The Best American Essays 2014

"Also in store are recurring nightmares, obsessive behavior, the fears and anxieties of aging, suicide, and--as they say in those infomercials--a whole lot more," heralds Robert Alwan, series editor of The Best American Essays 2014. Indeed, this selection, narrowed down by John Jeremiah Sullivan, does tilt toward the dark side. There are two essays, one by Barry Lopez and another by Chris Offut, that detail their childhood abuse at the hands of a pedophile. By accident of the alphabet, these essays are back to back, and I don't recommend reading them both in one sitting.

There are indeed essays about obsessive behavior. Timothy Aubry writes about his night terrors n "A Matter of Life and Death,", while Leslie Jamison informs us about a syndrome called Morgellons disease, which involves strange hairs coming out of the body, and uncontrollable itching. "Itching is powerful: the impulse that tells someone to scratch lights up the same neural pathways as chemical addiction. An itch that starts in the brain feels just like an itch on the skin, and it can begin with something as simple as a thought. It can begin from reading a paragraph like this one." How many of you just read that and felt an itch?

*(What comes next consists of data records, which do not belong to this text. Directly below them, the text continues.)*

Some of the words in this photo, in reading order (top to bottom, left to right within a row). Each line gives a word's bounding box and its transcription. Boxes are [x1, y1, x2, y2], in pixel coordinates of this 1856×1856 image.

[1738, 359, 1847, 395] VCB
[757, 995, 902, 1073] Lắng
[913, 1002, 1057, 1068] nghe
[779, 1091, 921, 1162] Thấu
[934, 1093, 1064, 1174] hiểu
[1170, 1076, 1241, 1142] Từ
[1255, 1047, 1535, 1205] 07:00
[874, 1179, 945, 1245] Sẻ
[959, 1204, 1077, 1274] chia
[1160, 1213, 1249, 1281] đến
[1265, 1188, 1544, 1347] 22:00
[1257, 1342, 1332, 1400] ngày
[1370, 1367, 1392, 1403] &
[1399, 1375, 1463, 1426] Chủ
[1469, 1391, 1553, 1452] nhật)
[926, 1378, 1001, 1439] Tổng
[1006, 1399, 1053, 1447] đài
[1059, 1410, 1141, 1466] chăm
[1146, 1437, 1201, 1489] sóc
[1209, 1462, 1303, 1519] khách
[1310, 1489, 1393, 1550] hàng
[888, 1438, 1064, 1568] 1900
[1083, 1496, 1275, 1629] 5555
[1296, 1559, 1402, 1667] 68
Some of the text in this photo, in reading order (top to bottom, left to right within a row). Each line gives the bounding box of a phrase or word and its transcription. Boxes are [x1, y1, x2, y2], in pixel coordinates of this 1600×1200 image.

Zadie Smith pens a delightful essay, "Joy," about the difference between pleasure and joy. She begins, "It might be useful to distinguish between pleasure and joy. But maybe everybody does this very easily, all the time, and only I am confused. A lot of people seem to feel that joy is only the intense version of pleasure, arrived at by the same road--you simply have to a little further down the track. That has not been my experience." She goes on to say that joy is only felt a few times in a lifetime, and is so emotionally exhausting that one wouldn't want too much of it.

Other highlights include "Slickheads," by Lawrence Jackson, written in the language of the streets, and the very fine "Thanksgiving in Mongolia," in which Ariel Levy details the painful story of how she gave birth and then the baby died while in that country on an assignment. James Wood writes, in "Becoming Them," how people do become their parents.

I have two favorites. First is Wendy Brenner's "Strange Beads," about how, during a time of difficult health problems, she became fascinated by a seller of mostly junk and costume jewelry on eBay. What interested her is that each item was sold separately, thousands of them. It's a delightful personal essay that intersects with life in these times.

But my favorite is Wells Tower's hilarious "The Old Man at Burning Man." He, about forty, takes his elderly father and two other elders to the Burning Man festival. This sounds like a fish-out-of-water cliche, and it is, but Tower writes so well, and it's laugh out loud funny. I've never been to Burning Man, and am certainly too old to go now (I would go hoping to get laid, and end up extremely disappointed) but I feel like Tower took the trip for me. Here's his opening paragraph, in all it's glory:

"The land, the very atmosphere out there, is alien, malignant, the executioner of countless wagon trains. I am afraid to crack the window. Huge dervishes of alkaline dust reel and teeter past. The sun, a brittle parchment white, glowers as though we personally have done something to piss it off. An hour out here and already I could light an Ohio Blue Tip off the inside of my nostril. One would think we were pulling into the planet's nearest simulation of hell, but if this were hell, we would not be driving this very comfortable recreational vehicle. Nor would there be a trio of young and merry nudists capering at our front bumper, demanding that we step out of the vehicle and join them."

While as all the Best of series is a mixed bag, I found this particularly strong, if only for those last two pieces.